Material shown:
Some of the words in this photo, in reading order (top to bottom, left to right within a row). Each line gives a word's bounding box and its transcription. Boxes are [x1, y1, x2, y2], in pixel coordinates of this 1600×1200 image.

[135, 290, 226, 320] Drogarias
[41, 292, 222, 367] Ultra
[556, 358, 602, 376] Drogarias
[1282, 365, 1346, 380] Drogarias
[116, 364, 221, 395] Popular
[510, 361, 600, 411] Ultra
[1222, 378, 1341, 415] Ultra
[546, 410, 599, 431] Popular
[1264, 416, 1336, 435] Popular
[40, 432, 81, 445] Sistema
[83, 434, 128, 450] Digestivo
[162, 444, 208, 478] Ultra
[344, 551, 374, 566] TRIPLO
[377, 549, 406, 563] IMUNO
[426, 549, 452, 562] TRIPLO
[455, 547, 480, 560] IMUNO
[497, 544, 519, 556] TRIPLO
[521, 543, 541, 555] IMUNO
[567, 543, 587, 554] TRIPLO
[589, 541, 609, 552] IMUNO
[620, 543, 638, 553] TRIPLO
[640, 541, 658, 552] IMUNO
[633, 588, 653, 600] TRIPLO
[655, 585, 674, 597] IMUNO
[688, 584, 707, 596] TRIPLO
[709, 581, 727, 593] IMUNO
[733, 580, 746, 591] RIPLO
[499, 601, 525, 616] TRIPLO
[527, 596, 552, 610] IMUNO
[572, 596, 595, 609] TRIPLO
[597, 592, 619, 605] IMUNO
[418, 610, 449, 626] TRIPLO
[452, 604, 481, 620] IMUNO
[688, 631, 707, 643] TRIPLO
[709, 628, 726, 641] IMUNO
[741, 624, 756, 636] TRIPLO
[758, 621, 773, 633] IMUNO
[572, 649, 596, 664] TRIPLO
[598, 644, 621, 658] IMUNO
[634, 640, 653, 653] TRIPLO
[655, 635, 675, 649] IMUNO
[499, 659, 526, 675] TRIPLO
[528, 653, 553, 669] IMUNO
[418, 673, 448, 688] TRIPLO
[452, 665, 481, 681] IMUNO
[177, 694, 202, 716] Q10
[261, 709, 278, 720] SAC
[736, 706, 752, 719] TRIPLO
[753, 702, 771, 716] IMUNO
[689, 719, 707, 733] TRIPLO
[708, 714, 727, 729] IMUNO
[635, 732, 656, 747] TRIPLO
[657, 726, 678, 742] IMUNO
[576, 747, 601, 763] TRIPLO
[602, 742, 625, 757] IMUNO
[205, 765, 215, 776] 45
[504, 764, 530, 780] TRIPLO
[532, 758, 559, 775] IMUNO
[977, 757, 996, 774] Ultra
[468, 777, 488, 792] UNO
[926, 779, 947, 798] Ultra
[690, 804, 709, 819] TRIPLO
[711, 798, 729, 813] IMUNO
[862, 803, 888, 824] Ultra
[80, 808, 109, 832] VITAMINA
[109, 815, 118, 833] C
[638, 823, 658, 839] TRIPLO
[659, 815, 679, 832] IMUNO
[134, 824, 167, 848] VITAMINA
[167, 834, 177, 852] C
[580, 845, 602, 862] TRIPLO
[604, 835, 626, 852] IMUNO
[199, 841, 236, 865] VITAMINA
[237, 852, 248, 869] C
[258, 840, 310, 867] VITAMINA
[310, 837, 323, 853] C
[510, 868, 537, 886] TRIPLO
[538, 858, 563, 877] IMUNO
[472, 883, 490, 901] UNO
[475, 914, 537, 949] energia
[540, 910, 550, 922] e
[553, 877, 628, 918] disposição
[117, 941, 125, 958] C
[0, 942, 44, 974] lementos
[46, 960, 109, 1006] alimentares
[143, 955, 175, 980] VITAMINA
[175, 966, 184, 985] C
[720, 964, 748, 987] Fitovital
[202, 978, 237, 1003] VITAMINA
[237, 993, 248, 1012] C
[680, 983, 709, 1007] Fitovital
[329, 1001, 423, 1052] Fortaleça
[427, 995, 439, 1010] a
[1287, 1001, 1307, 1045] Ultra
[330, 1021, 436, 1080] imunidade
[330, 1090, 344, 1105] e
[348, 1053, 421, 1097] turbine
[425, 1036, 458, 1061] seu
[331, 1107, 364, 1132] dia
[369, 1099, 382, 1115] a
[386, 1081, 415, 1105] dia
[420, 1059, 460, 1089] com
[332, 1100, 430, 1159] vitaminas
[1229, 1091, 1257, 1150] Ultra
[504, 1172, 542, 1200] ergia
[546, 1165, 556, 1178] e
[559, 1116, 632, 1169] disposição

Task item: Would you restate the whole listing word for word?

Task answer:
Some of the words in this photo, in reading order (top to bottom, left to right within a row). Each line gives a word's bounding box and its transcription. Boxes are [x1, y1, x2, y2], in pixel coordinates of this 1600×1200 image.

[135, 290, 226, 320] Drogarias
[41, 292, 222, 367] Ultra
[556, 358, 602, 376] Drogarias
[1282, 365, 1346, 380] Drogarias
[116, 364, 221, 395] Popular
[510, 361, 600, 411] Ultra
[1222, 378, 1341, 415] Ultra
[546, 410, 599, 431] Popular
[1264, 416, 1336, 435] Popular
[40, 432, 81, 445] Sistema
[83, 434, 128, 450] Digestivo
[162, 444, 208, 478] Ultra
[344, 551, 374, 566] TRIPLO
[377, 549, 406, 563] IMUNO
[426, 549, 452, 562] TRIPLO
[455, 547, 480, 560] IMUNO
[497, 544, 519, 556] TRIPLO
[521, 543, 541, 555] IMUNO
[567, 543, 587, 554] TRIPLO
[589, 541, 609, 552] IMUNO
[620, 543, 638, 553] TRIPLO
[640, 541, 658, 552] IMUNO
[633, 588, 653, 600] TRIPLO
[655, 585, 674, 597] IMUNO
[688, 584, 707, 596] TRIPLO
[709, 581, 727, 593] IMUNO
[733, 580, 746, 591] RIPLO
[499, 601, 525, 616] TRIPLO
[527, 596, 552, 610] IMUNO
[572, 596, 595, 609] TRIPLO
[597, 592, 619, 605] IMUNO
[418, 610, 449, 626] TRIPLO
[452, 604, 481, 620] IMUNO
[688, 631, 707, 643] TRIPLO
[709, 628, 726, 641] IMUNO
[741, 624, 756, 636] TRIPLO
[758, 621, 773, 633] IMUNO
[572, 649, 596, 664] TRIPLO
[598, 644, 621, 658] IMUNO
[634, 640, 653, 653] TRIPLO
[655, 635, 675, 649] IMUNO
[499, 659, 526, 675] TRIPLO
[528, 653, 553, 669] IMUNO
[418, 673, 448, 688] TRIPLO
[452, 665, 481, 681] IMUNO
[177, 694, 202, 716] Q10
[261, 709, 278, 720] SAC
[736, 706, 752, 719] TRIPLO
[753, 702, 771, 716] IMUNO
[689, 719, 707, 733] TRIPLO
[708, 714, 727, 729] IMUNO
[635, 732, 656, 747] TRIPLO
[657, 726, 678, 742] IMUNO
[576, 747, 601, 763] TRIPLO
[602, 742, 625, 757] IMUNO
[205, 765, 215, 776] 45
[504, 764, 530, 780] TRIPLO
[532, 758, 559, 775] IMUNO
[977, 757, 996, 774] Ultra
[468, 777, 488, 792] UNO
[926, 779, 947, 798] Ultra
[690, 804, 709, 819] TRIPLO
[711, 798, 729, 813] IMUNO
[862, 803, 888, 824] Ultra
[80, 808, 109, 832] VITAMINA
[109, 815, 118, 833] C
[638, 823, 658, 839] TRIPLO
[659, 815, 679, 832] IMUNO
[134, 824, 167, 848] VITAMINA
[167, 834, 177, 852] C
[580, 845, 602, 862] TRIPLO
[604, 835, 626, 852] IMUNO
[199, 841, 236, 865] VITAMINA
[237, 852, 248, 869] C
[258, 840, 310, 867] VITAMINA
[310, 837, 323, 853] C
[510, 868, 537, 886] TRIPLO
[538, 858, 563, 877] IMUNO
[472, 883, 490, 901] UNO
[475, 914, 537, 949] energia
[540, 910, 550, 922] e
[553, 877, 628, 918] disposição
[117, 941, 125, 958] C
[0, 942, 44, 974] lementos
[46, 960, 109, 1006] alimentares
[143, 955, 175, 980] VITAMINA
[175, 966, 184, 985] C
[720, 964, 748, 987] Fitovital
[202, 978, 237, 1003] VITAMINA
[237, 993, 248, 1012] C
[680, 983, 709, 1007] Fitovital
[329, 1001, 423, 1052] Fortaleça
[427, 995, 439, 1010] a
[1287, 1001, 1307, 1045] Ultra
[330, 1021, 436, 1080] imunidade
[330, 1090, 344, 1105] e
[348, 1053, 421, 1097] turbine
[425, 1036, 458, 1061] seu
[331, 1107, 364, 1132] dia
[369, 1099, 382, 1115] a
[386, 1081, 415, 1105] dia
[420, 1059, 460, 1089] com
[332, 1100, 430, 1159] vitaminas
[1229, 1091, 1257, 1150] Ultra
[504, 1172, 542, 1200] ergia
[546, 1165, 556, 1178] e
[559, 1116, 632, 1169] disposição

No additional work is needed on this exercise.